TASK TO COMPLETE> Each line of the data should be duplicated precisely.

───

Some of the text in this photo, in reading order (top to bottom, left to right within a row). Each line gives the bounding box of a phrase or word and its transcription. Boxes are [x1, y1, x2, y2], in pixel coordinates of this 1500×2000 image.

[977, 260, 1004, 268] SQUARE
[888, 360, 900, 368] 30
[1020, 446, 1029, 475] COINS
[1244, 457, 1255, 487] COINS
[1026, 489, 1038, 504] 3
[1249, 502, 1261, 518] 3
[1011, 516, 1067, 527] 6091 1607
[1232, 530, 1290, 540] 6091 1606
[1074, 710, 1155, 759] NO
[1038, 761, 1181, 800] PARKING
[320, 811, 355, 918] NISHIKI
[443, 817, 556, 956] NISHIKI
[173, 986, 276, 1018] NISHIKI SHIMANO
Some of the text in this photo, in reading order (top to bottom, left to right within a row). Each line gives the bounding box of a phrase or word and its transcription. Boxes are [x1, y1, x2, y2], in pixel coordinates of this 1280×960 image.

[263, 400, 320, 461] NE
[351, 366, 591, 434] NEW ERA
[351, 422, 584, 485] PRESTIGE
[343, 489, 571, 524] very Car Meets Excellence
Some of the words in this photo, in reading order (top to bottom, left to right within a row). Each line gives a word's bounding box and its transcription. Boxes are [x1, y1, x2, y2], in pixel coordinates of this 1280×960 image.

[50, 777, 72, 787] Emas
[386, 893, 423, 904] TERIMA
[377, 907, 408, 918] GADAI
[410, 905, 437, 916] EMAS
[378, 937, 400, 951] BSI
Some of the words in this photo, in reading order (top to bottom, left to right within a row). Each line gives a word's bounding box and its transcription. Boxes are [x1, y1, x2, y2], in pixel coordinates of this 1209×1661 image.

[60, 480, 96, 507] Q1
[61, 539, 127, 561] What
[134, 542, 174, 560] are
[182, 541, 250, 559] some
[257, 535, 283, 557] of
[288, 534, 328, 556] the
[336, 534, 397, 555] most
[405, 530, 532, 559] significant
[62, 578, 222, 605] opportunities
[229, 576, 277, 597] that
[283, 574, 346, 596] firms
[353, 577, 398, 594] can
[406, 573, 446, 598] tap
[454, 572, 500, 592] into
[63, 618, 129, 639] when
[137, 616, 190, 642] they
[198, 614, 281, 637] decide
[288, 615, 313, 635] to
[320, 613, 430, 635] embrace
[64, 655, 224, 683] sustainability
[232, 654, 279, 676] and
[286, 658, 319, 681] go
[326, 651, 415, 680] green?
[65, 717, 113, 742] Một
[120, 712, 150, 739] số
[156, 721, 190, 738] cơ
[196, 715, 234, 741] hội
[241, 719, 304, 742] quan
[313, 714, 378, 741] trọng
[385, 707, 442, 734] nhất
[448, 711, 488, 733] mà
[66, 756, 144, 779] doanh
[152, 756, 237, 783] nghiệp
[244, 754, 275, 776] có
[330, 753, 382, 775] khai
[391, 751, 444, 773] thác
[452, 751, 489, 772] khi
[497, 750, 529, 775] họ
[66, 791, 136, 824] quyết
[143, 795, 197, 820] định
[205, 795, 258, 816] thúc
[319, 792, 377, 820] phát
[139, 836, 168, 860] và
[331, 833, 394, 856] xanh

───

EXERCISE RESULT>
Some of the text in this photo, in reading order (top to bottom, left to right within a row). Each line gives the bounding box of a phrase or word and its transcription. Boxes are [x1, y1, x2, y2], in pixel coordinates of this 1500×2000 image.

[977, 260, 1004, 268] SQUARE
[888, 360, 900, 368] 30
[1020, 446, 1029, 475] COINS
[1244, 457, 1255, 487] COINS
[1026, 489, 1038, 504] 3
[1249, 502, 1261, 518] 3
[1011, 516, 1067, 527] 6091 1607
[1232, 530, 1290, 540] 6091 1606
[1074, 710, 1155, 759] NO
[1038, 761, 1181, 800] PARKING
[320, 811, 355, 918] NISHIKI
[443, 817, 556, 956] NISHIKI
[173, 986, 276, 1018] NISHIKI SHIMANO
Some of the text in this photo, in reading order (top to bottom, left to right within a row). Each line gives the bounding box of a phrase or word and its transcription. Boxes are [x1, y1, x2, y2], in pixel coordinates of this 1280×960 image.

[263, 400, 320, 461] NE
[351, 366, 591, 434] NEW ERA
[351, 422, 584, 485] PRESTIGE
[343, 489, 571, 524] very Car Meets Excellence
Some of the words in this photo, in reading order (top to bottom, left to right within a row). Each line gives a word's bounding box and its transcription. Boxes are [x1, y1, x2, y2], in pixel coordinates of this 1280×960 image.

[50, 777, 72, 787] Emas
[386, 893, 423, 904] TERIMA
[377, 907, 408, 918] GADAI
[410, 905, 437, 916] EMAS
[378, 937, 400, 951] BSI
Some of the words in this photo, in reading order (top to bottom, left to right within a row). Each line gives a word's bounding box and its transcription. Boxes are [x1, y1, x2, y2], in pixel coordinates of this 1209×1661 image.

[60, 480, 96, 507] Q1
[61, 539, 127, 561] What
[134, 542, 174, 560] are
[182, 541, 250, 559] some
[257, 535, 283, 557] of
[288, 534, 328, 556] the
[336, 534, 397, 555] most
[405, 530, 532, 559] significant
[62, 578, 222, 605] opportunities
[229, 576, 277, 597] that
[283, 574, 346, 596] firms
[353, 577, 398, 594] can
[406, 573, 446, 598] tap
[454, 572, 500, 592] into
[63, 618, 129, 639] when
[137, 616, 190, 642] they
[198, 614, 281, 637] decide
[288, 615, 313, 635] to
[320, 613, 430, 635] embrace
[64, 655, 224, 683] sustainability
[232, 654, 279, 676] and
[286, 658, 319, 681] go
[326, 651, 415, 680] green?
[65, 717, 113, 742] Một
[120, 712, 150, 739] số
[156, 721, 190, 738] cơ
[196, 715, 234, 741] hội
[241, 719, 304, 742] quan
[313, 714, 378, 741] trọng
[385, 707, 442, 734] nhất
[448, 711, 488, 733] mà
[66, 756, 144, 779] doanh
[152, 756, 237, 783] nghiệp
[244, 754, 275, 776] có
[330, 753, 382, 775] khai
[391, 751, 444, 773] thác
[452, 751, 489, 772] khi
[497, 750, 529, 775] họ
[66, 791, 136, 824] quyết
[143, 795, 197, 820] định
[205, 795, 258, 816] thúc
[319, 792, 377, 820] phát
[139, 836, 168, 860] và
[331, 833, 394, 856] xanh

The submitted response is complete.